ACTIVITY ▸
In the data below, reproduce everything exactly except the images.

╔══

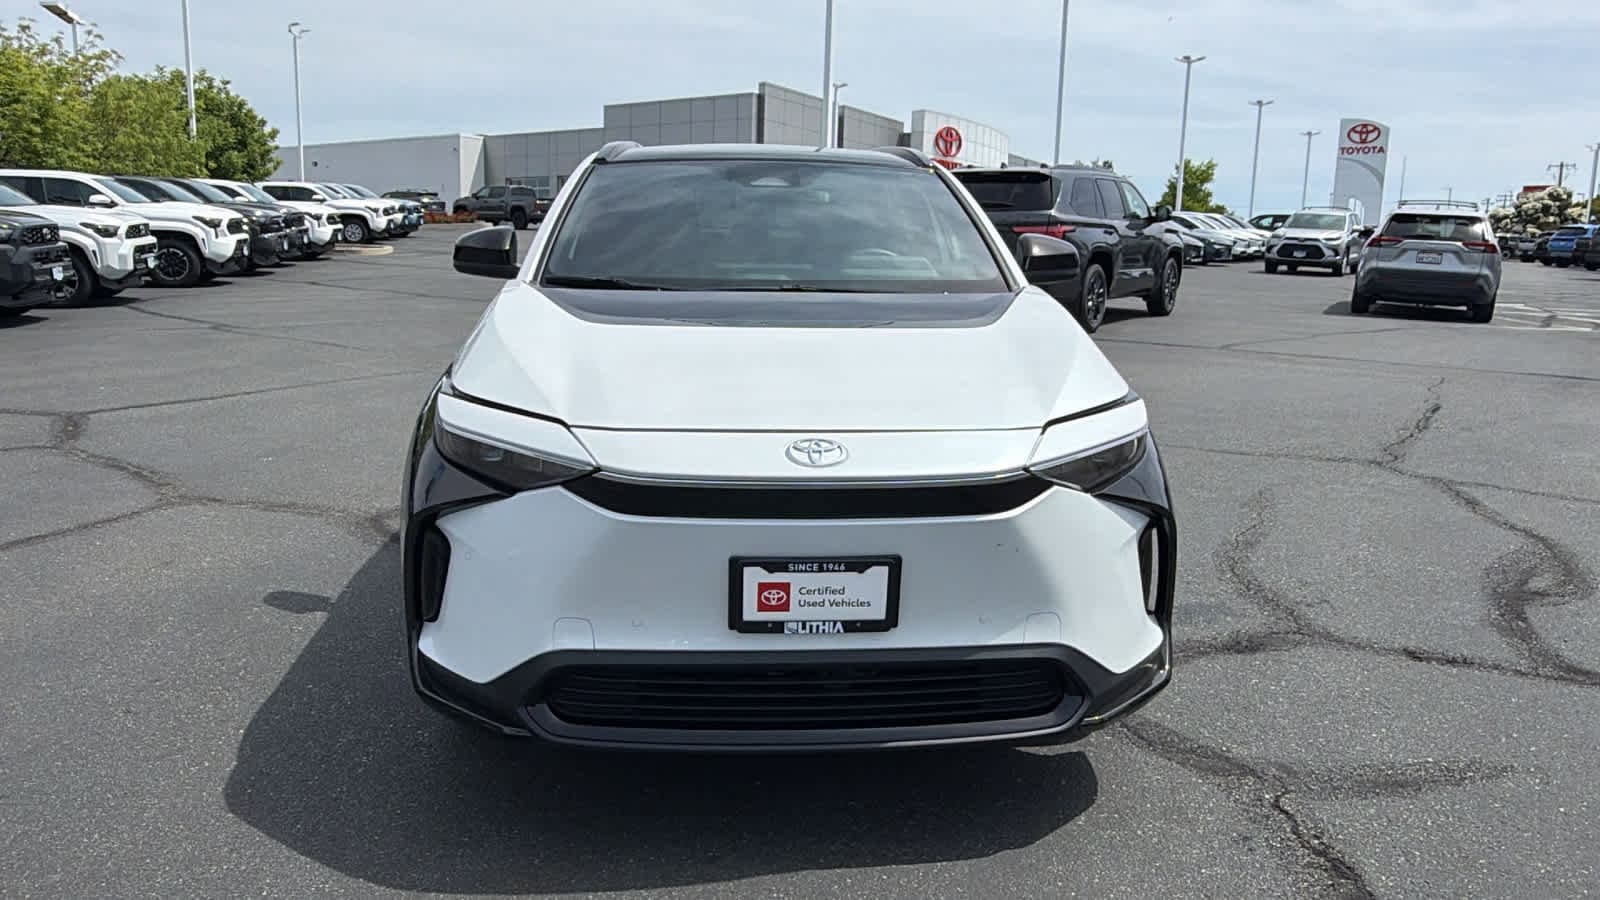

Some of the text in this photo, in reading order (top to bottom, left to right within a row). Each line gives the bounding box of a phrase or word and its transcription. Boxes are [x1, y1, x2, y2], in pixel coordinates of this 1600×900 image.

[1340, 146, 1385, 155] TOYOTA
[788, 563, 846, 571] SINCE 1946
[798, 586, 845, 596] Certified
[798, 599, 871, 608] Used Vehicles
[797, 621, 845, 634] LITHIA
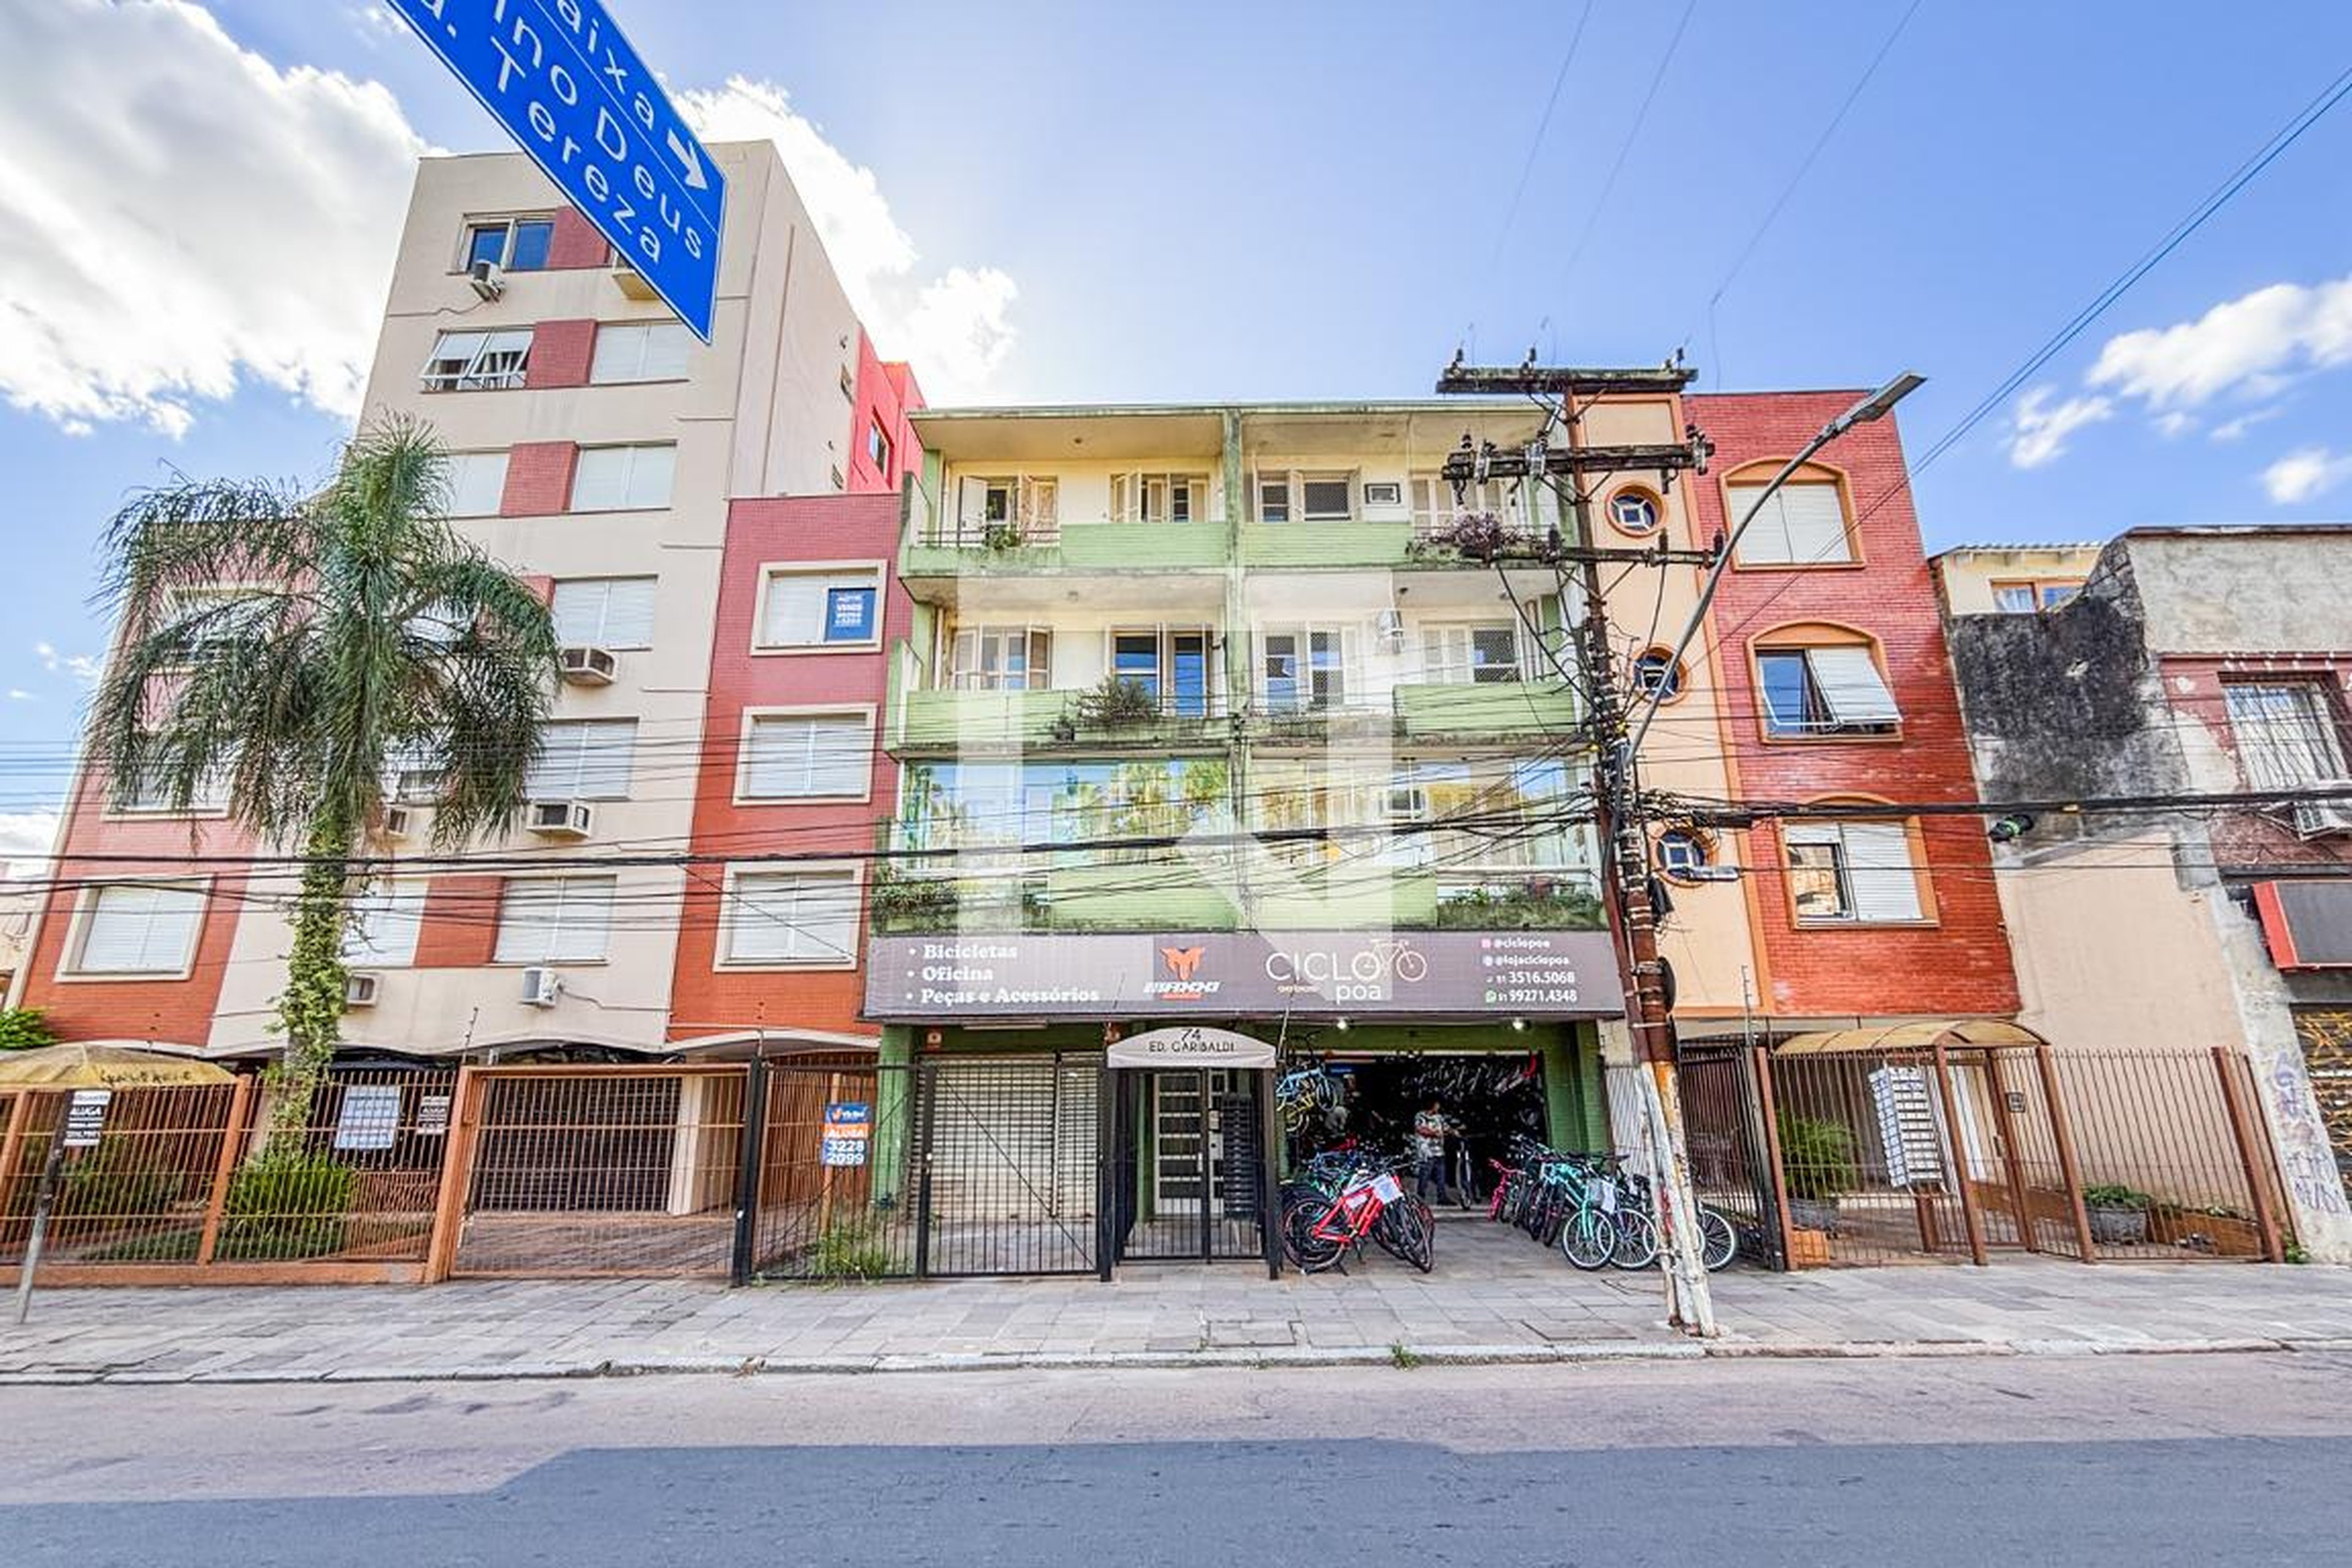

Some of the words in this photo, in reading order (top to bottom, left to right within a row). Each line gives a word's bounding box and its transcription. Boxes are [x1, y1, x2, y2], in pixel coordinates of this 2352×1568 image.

[491, 36, 661, 264] Tereza
[596, 107, 702, 260] Deus
[1493, 937, 1551, 950] @ciclopoa
[923, 944, 1018, 959] Bicicletas
[1265, 951, 1381, 981] CICLO
[1494, 954, 1570, 967] @lojaciclopoa
[922, 965, 993, 981] Oficina
[1508, 971, 1575, 984] 3516.5068
[921, 988, 974, 1006] Peças
[978, 991, 990, 1003] e
[994, 986, 1100, 1003] Acessórios
[1336, 984, 1382, 1005] poa
[1181, 1028, 1201, 1041] 74
[1171, 1041, 1235, 1053] GARIBALDI
[827, 1139, 865, 1152] 3228
[826, 1153, 865, 1166] 2099

╚══

ANSWER BOX ▸
Some of the text in this photo, in reading order (top to bottom, left to right within a row). Each line gives the bounding box of a phrase or word and its transcription. Boxes are [x1, y1, x2, y2], in pixel coordinates of this 1600×900 image.

[1340, 146, 1385, 155] TOYOTA
[788, 563, 846, 571] SINCE 1946
[798, 586, 845, 596] Certified
[798, 599, 871, 608] Used Vehicles
[797, 621, 845, 634] LITHIA

Some of the words in this photo, in reading order (top to bottom, left to right within a row). Each line gives a word's bounding box and its transcription. Boxes are [x1, y1, x2, y2], in pixel coordinates of this 2352×1568 image.

[491, 36, 661, 264] Tereza
[596, 107, 702, 260] Deus
[1493, 937, 1551, 950] @ciclopoa
[923, 944, 1018, 959] Bicicletas
[1265, 951, 1381, 981] CICLO
[1494, 954, 1570, 967] @lojaciclopoa
[922, 965, 993, 981] Oficina
[1508, 971, 1575, 984] 3516.5068
[921, 988, 974, 1006] Peças
[978, 991, 990, 1003] e
[994, 986, 1100, 1003] Acessórios
[1336, 984, 1382, 1005] poa
[1181, 1028, 1201, 1041] 74
[1171, 1041, 1235, 1053] GARIBALDI
[827, 1139, 865, 1152] 3228
[826, 1153, 865, 1166] 2099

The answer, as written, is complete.